Sibling relationships are so important, and it’s something that will matter much more in life academics. If you are homeschooling a multi-age family, use this time to foster great sibling relationships.

If you have more than one older child to teach, have them take turns watching a younger sibling while you work with the other.

I’ve had a 5 year old help his 3 year old brother play a computer game by moving the mouse for him.

You can have an older child read to your toddler.

You can simply ask them to play together in another room- your toddler one gets a friend and you big kid gets a break from school!

Sometimes, if I am really in need of some help I have been known to stick two young ones together. Yes, they make a mess and sometimes get a little loud, but that’s okay. This has so many more benefits than just allowing you to get lessons done, your kids get a chance to bond and build their relationship even more and they will get even closer because of it.

 

3 toddlers test items that float or don't float in a bowl of water

3 toddlers testing which things float and don’t float while their older siblings do a more difficult buoyancy experiment at a different table

 

Work Together and Be Inclusive

To me, this is the most important thing.

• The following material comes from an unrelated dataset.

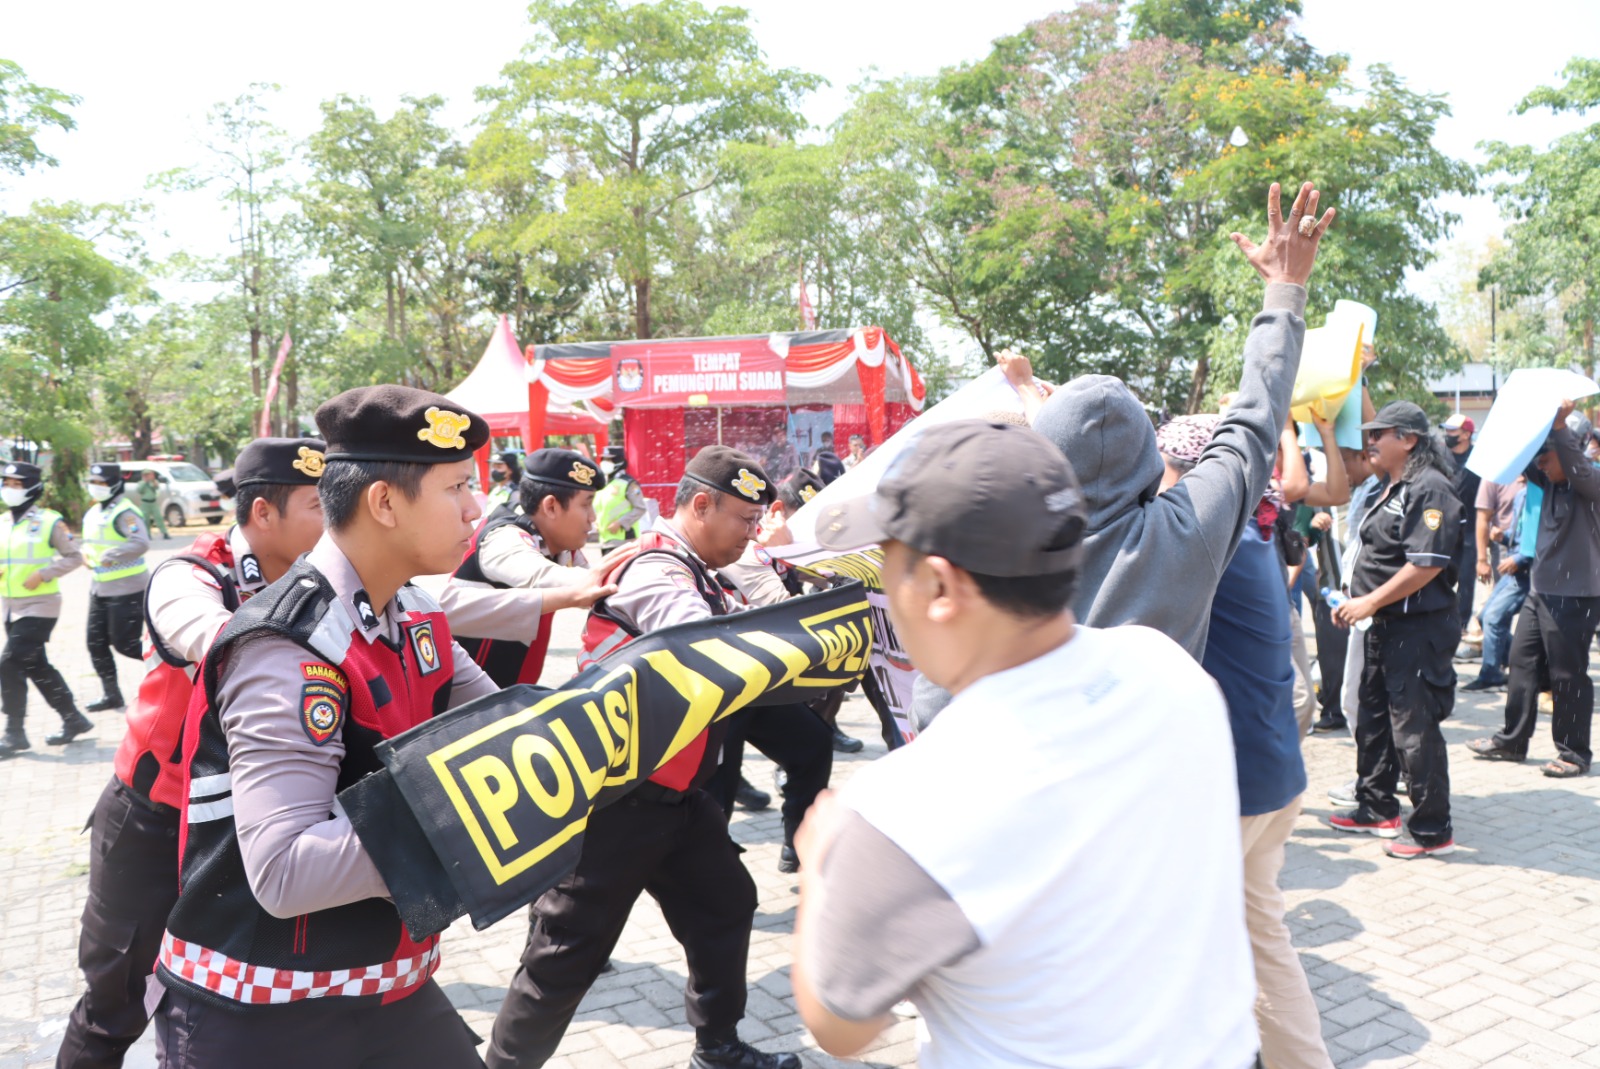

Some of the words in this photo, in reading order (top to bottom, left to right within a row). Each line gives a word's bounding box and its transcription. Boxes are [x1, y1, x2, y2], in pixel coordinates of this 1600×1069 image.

[692, 353, 741, 372] TEMPAT
[653, 373, 737, 393] PEMUNGUTAN
[739, 371, 783, 391] SUARA

We learn as a family and just because some one isn’t “school” aged or even old enough to really understand what is going on in a particular lesson, we still all do it together. All of our science and history lessons include the entire family.

Remember almost ALL activities and lessons can be altered to work for ALL ages- and it’s one of the beauties and benefits of homeschooling. 

A toddler might not understand molecules and chemical bonds, but he will have fun using small muscles building with marshmallows and toothpicks while his older brothers build carbon dioxide or water molecules.

When we have made lapbooks in the past, I make a simpler version for the younger kids with less writing and more pictures. Almost any lesson can be simplified or made more complicated so that there is something for every age. You will be amazed at what young kids pick up and remember as they learn alongside older siblings.

Even when working on bookwork, you can include everyone. If older ones are working in handwriting or copywork, toddlers can be coloring at the table too.

Toddlers can build and play with math manipulatives while an older sibling uses them with his lessons.

This is a great way to build excitement for school. You want your toddlers to keep that “I want to do school!” mentality as long as possible. So include them!

 

toddler coloring on a piece of paper with a crayon

 

Be Flexible

If you are homeschooling with a toddler in the house, you have to learn to be flexible.

Don’t be a slave to your schedule. If it is not working, change it.

Just because public school starts bright and early in the morning doesn’t mean you have to. Do your history reading during lunch time. Have math lessons during nap time. Take turns reading books aloud at bedtime- you read one, he reads one- to get that reading practice in.

Find what works for your family and do that instead.

If your infant or toddler is having a bad day and just not being agreeable, take a break for a bit and try again later after some outside time or other fun activity.

Take your learning on the road and allow natural exploration to take over instead of book work.

 

The main thing to remember is: There will be days when you feel like no school is getting done and your toddler is getting into everything. And there will be days when everything falls into place. And that’s okay. 

As a homeschooler there is no time table you must stick to. There are no check boxes that must be checked. You have the freedom to create your own schedule and make your own goals. 

So just keep your eye on the ultimate goal- happy kids who love to learn.